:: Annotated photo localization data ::

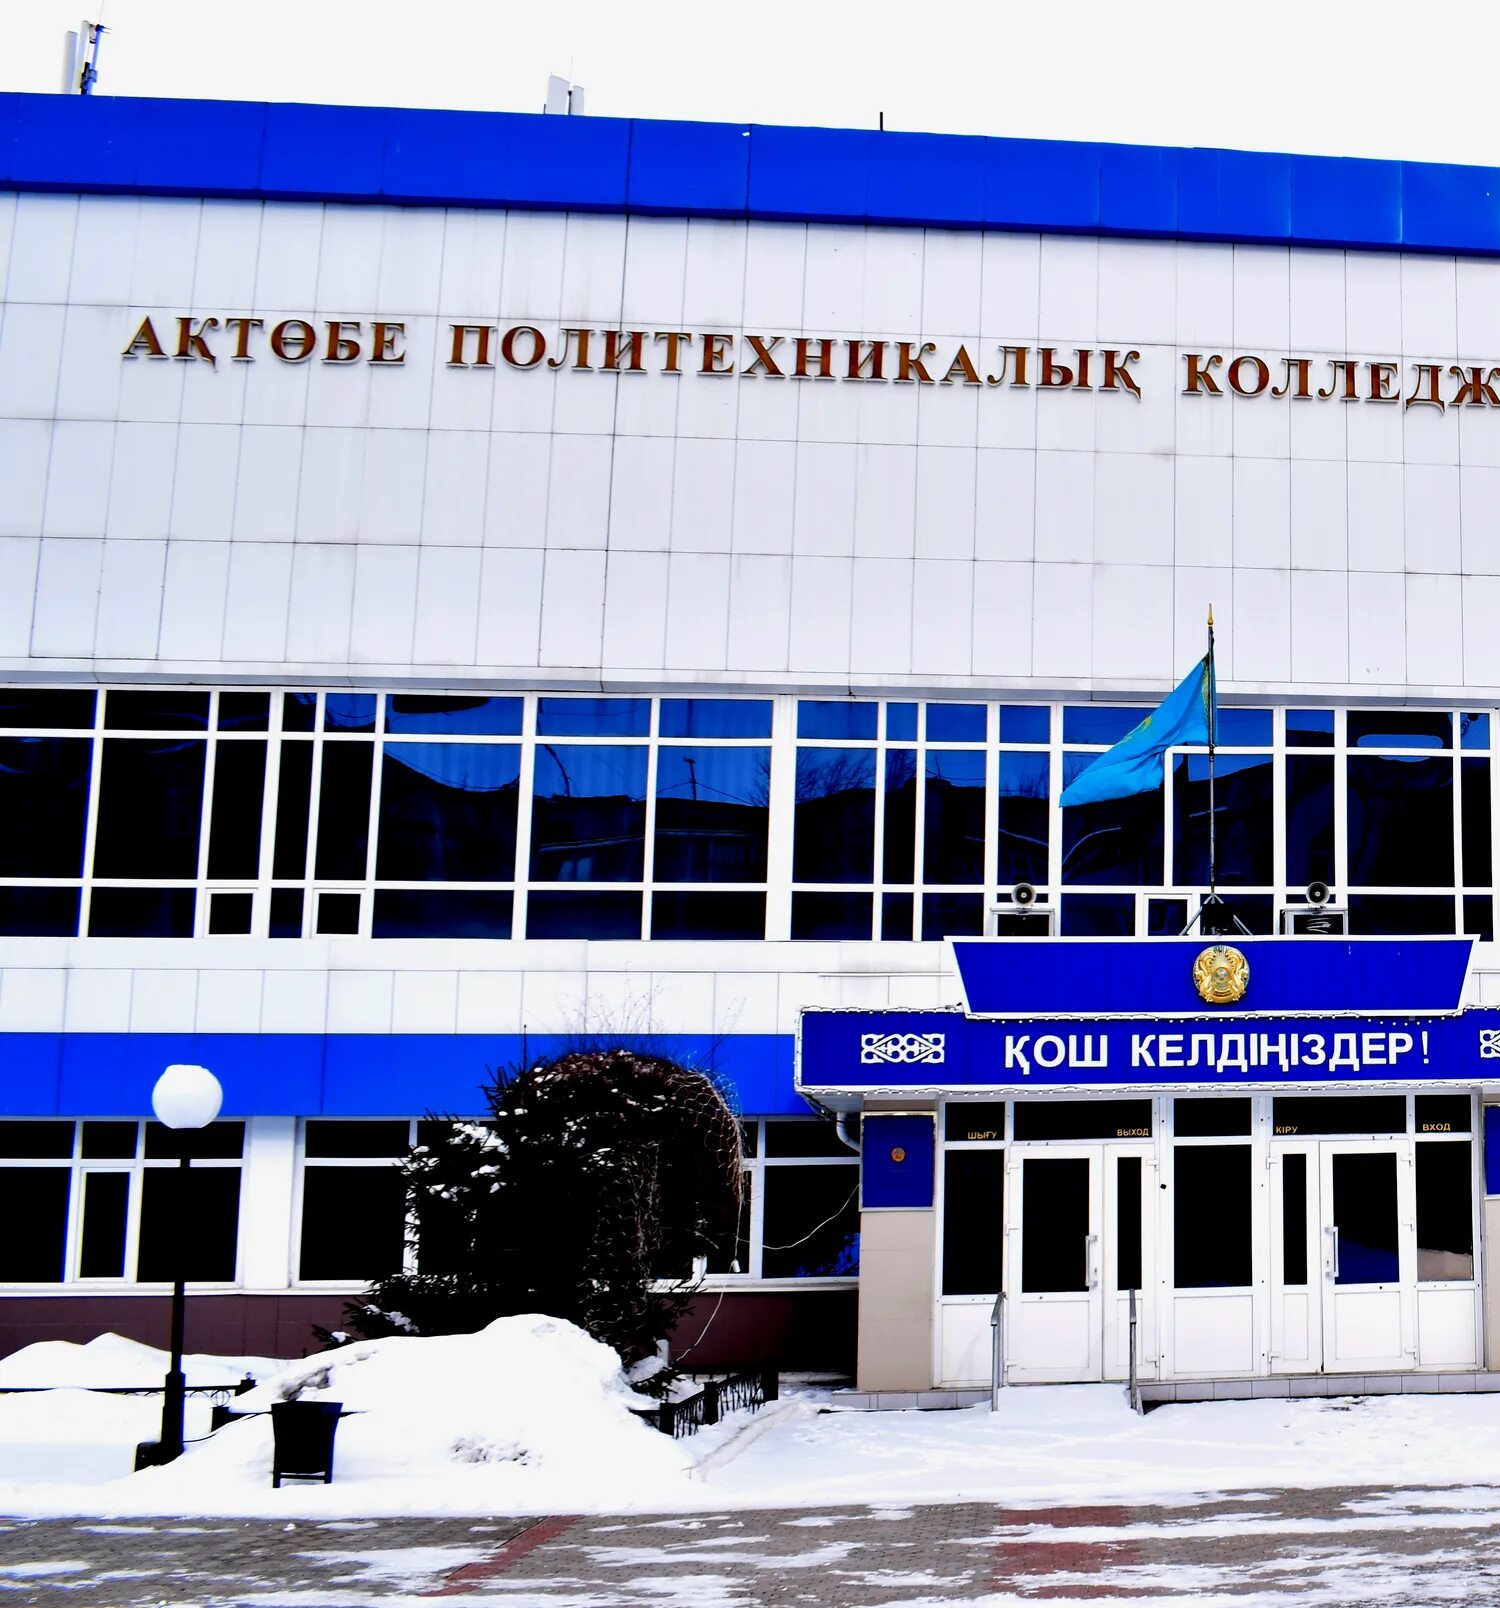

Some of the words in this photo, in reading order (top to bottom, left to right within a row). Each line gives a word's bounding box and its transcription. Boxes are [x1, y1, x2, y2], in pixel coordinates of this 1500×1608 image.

[120, 315, 406, 373] АҚТӨБЕ
[446, 323, 1142, 401] ПОЛИТЕХНИКАЛЫҚ
[1004, 1034, 1109, 1075] ҚОШ
[1275, 1126, 1298, 1134] КІРУ
[1422, 1123, 1451, 1131] ВХОД
[967, 1130, 998, 1140] ШЫҒУ
[1116, 1128, 1150, 1137] ВЫХОД

:: What you need to do ::
Except for the pictures, set down all of the records exactly as they are.

:: Answer space ::
Some of the words in this photo, in reading order (top to bottom, left to right within a row). Each line gives a word's bounding box and its transcription. Boxes are [x1, y1, x2, y2], in pixel coordinates of this 1500×1608 image.

[120, 315, 406, 373] АҚТӨБЕ
[446, 323, 1142, 401] ПОЛИТЕХНИКАЛЫҚ
[1004, 1034, 1109, 1075] ҚОШ
[1275, 1126, 1298, 1134] КІРУ
[1422, 1123, 1451, 1131] ВХОД
[967, 1130, 998, 1140] ШЫҒУ
[1116, 1128, 1150, 1137] ВЫХОД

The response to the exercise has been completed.